You can support me either by giving a one-time contribution or a regular subscription. There are four ways of doing so:
1. Zelle: This is the only internet method that charges no fees. All you have to do is use the Zelle link at your internet bank and give my name and email address (zimmerman at nasw dot org). What you donate is what I get.
2. Patreon: Go to my website there and pick one of five monthly subscription amounts, or by making a one-time donation.
3. A Paypal Donation or subscription:
4. Donate by check, payable to Robert Zimmerman and mailed to
Behind The Black
c/o Robert Zimmerman
P.O.Box 1262
Cortaro, AZ 85652
You can also support me by buying one of my books, as noted in the boxes interspersed throughout the webpage or shown in the menu above.
Safety standards are, after all, interpretive rules, so they’re subject to change on the whim of an inspector….
Sorry, hits a nerve. Just spent a few hours today planning compliance with a new interpretation of a standard which has evidently been being misinterpreted by the entire industrial community for years.
And if and when there is a “problem” and someone is killed? How will that be “interpreted”?
Someone somewhere at a desk or work station was tasked with determining and laying out some criteria for the specifications of said trains. I would think that there would be a fairly thick book produced dedicated to the specific subject. This would include the maximum allowable width for these bright and shinny and very expensive new trains.
If I was the boss I would be very interested in the name or names of these individuals while we all contorted ourselves in our making the lemonade that fixes this screw up. But in the end, if I was the boss it would all come down on me, it would have been my responsibility to set and check the dimensions. And even so, stuff happens.
But this is government, no one ultimately has any responsibility more than likely.
“And even so, stuff happens.”
Like many here, I have experience in the difference between shop and as-built plans; but 20 cm?

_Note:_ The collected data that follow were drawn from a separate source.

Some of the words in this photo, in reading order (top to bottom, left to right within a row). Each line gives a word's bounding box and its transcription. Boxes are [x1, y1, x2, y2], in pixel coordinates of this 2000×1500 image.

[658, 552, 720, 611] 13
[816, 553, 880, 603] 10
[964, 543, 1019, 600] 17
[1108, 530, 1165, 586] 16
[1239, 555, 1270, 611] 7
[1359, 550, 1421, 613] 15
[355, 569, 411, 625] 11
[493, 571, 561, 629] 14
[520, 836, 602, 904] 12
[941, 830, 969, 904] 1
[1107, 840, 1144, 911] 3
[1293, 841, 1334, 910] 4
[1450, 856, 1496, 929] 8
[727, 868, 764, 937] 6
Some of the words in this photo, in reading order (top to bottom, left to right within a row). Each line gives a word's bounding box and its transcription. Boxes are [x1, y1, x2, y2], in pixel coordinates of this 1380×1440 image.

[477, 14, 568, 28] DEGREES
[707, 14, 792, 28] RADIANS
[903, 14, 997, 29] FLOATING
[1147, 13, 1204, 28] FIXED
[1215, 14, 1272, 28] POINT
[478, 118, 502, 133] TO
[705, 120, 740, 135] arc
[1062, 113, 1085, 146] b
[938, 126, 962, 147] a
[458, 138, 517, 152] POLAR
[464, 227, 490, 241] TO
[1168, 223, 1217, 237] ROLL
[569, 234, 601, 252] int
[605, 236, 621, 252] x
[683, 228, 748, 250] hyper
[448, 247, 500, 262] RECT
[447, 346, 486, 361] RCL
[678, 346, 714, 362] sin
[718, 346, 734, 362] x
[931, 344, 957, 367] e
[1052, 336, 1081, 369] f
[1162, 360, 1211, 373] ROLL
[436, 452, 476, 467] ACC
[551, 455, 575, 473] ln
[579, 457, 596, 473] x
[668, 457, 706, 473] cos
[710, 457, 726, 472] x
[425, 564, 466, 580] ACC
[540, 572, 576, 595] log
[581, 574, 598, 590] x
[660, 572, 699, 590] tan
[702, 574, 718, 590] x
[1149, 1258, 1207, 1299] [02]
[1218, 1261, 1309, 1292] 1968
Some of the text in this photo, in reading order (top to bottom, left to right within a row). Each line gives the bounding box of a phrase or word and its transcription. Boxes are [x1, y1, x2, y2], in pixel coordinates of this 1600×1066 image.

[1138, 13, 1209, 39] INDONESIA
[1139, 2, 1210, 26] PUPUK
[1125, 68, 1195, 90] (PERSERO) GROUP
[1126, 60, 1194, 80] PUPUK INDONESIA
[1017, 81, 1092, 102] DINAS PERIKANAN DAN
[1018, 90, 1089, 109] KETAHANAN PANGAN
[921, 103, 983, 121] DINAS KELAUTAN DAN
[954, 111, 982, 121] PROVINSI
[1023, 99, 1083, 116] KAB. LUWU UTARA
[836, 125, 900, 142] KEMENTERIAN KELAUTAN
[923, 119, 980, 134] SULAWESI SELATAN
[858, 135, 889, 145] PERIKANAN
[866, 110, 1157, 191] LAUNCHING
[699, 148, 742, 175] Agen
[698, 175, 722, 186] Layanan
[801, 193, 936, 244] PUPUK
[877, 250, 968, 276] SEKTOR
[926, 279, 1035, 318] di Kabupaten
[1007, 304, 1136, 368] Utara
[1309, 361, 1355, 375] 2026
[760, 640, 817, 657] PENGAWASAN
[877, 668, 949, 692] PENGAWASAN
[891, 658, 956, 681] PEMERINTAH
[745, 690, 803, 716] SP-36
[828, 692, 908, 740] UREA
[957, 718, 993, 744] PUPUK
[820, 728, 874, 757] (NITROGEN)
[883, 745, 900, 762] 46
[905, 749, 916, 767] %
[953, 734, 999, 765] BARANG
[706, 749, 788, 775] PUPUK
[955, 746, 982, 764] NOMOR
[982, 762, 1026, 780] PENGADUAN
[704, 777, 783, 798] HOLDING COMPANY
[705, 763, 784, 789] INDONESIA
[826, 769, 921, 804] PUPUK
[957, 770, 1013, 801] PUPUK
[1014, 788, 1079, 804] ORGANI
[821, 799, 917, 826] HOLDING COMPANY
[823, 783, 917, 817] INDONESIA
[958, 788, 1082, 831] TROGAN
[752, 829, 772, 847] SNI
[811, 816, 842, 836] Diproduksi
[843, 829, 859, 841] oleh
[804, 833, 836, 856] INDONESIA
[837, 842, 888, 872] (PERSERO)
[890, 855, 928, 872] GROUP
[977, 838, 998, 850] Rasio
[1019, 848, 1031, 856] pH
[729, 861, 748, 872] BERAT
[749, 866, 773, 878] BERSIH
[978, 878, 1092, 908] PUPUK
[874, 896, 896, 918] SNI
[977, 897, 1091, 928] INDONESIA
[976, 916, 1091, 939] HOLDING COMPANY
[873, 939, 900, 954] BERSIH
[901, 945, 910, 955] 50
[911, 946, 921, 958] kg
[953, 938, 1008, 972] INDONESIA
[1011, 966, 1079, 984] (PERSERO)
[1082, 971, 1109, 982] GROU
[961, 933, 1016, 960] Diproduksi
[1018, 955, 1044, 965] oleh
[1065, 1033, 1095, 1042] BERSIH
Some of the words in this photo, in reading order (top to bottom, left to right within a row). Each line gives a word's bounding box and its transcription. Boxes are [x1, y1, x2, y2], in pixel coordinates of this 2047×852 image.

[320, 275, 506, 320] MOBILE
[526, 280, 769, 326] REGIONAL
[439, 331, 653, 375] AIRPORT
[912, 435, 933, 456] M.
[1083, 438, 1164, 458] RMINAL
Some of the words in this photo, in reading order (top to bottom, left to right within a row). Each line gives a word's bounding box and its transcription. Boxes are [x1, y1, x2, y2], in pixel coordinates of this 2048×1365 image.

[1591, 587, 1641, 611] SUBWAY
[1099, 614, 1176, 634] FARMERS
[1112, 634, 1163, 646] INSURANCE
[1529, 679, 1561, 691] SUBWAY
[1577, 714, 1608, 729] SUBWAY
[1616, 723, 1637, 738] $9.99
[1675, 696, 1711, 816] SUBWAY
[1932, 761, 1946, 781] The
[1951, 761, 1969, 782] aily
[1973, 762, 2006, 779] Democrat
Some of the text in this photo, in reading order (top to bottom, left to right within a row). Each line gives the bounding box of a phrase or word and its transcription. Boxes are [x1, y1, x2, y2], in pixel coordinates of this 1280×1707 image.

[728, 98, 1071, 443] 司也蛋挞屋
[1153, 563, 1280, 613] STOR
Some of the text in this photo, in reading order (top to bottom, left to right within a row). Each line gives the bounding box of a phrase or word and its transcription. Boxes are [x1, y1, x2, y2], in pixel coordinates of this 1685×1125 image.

It appears from the article the new equipment will eat up half the minimum safety distance; a standard I assume was carefully studied and arrived at. The official line seems to be that the standards are overly restrictive, and can be safely ignored. Or people are taking additional risk. Whatever.
Anyone familiar with Australian defence procurement would not be surprised. We spent a billion dollars on 11 Seasprite helicopters for our Navy and got none because at the last moment someone discovered that the autopilot was a single channel device as specified in the contract but as we had decided on a two crew complement instead of the usual 3 the chopper wouldn’t be able to do its job at night or in instrument weather. I haven’t heard that anyone lost job/pension/went to jail over this.
BTW the trains are a New South Wales State government screw up, not Australian federal gummint.
Blair, I’m no expert and don’t know any more about this situation than what appears here, but I think the main factor that determines the safety margin is shaking of the train (in shipboard terms, the rolling component) as it goes through the tunnel. I don’t know how they calculated the maximum expected rolling motion, and I agree witth you; it appears someone determined that the old standard was too strict and therefore reduced it somewhat arbitrarily.
Talk about failed engineering:
http://www.miamiherald.com/news/local/community/miami-dade/west-miami-dade/article205316174.html
Cotour: This story was worth getting elevated to the main page. Thank you.
Sounds like someone was told to take off their engineering hat and put on their management hat.